- [WHAT YOU NEED TO DO] Below are the records; print them again exactly and omit the pictures.

[Free-text object descriptions]
━━━━
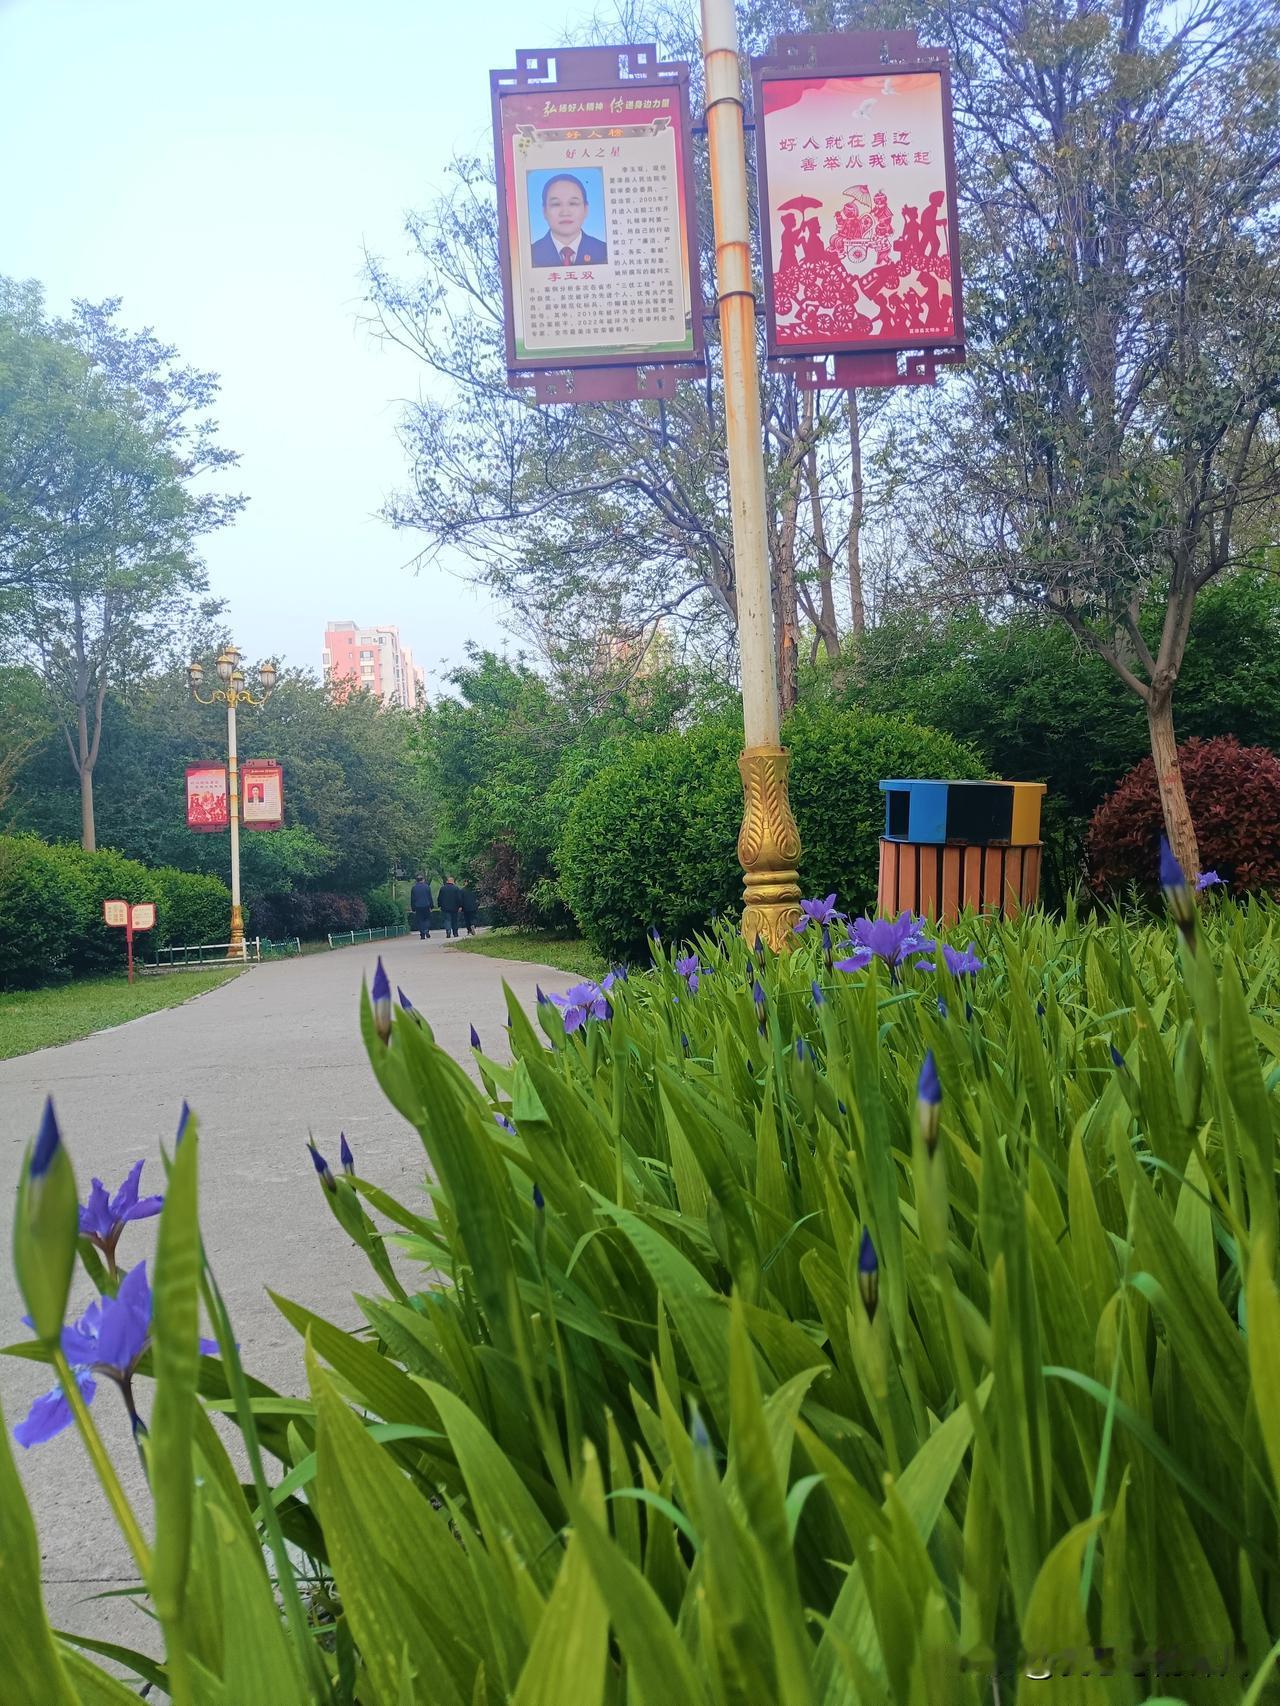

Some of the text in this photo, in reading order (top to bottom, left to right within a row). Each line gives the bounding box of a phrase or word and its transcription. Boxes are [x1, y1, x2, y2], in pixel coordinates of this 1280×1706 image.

[544, 96, 670, 117] 弘扬好人精神 传递身边力量
[779, 131, 911, 152] 好人就在身边
[566, 146, 621, 159] 好人之星
[801, 151, 932, 171] 善举从我做起
[547, 271, 594, 282] 李玉双
━━━━
- [RESULT]
Some of the text in this photo, in reading order (top to bottom, left to right within a row). Each line gives the bounding box of a phrase or word and its transcription. Boxes are [x1, y1, x2, y2], in pixel coordinates of this 1280×1706 image.

[544, 96, 670, 117] 弘扬好人精神 传递身边力量
[779, 131, 911, 152] 好人就在身边
[566, 146, 621, 159] 好人之星
[801, 151, 932, 171] 善举从我做起
[547, 271, 594, 282] 李玉双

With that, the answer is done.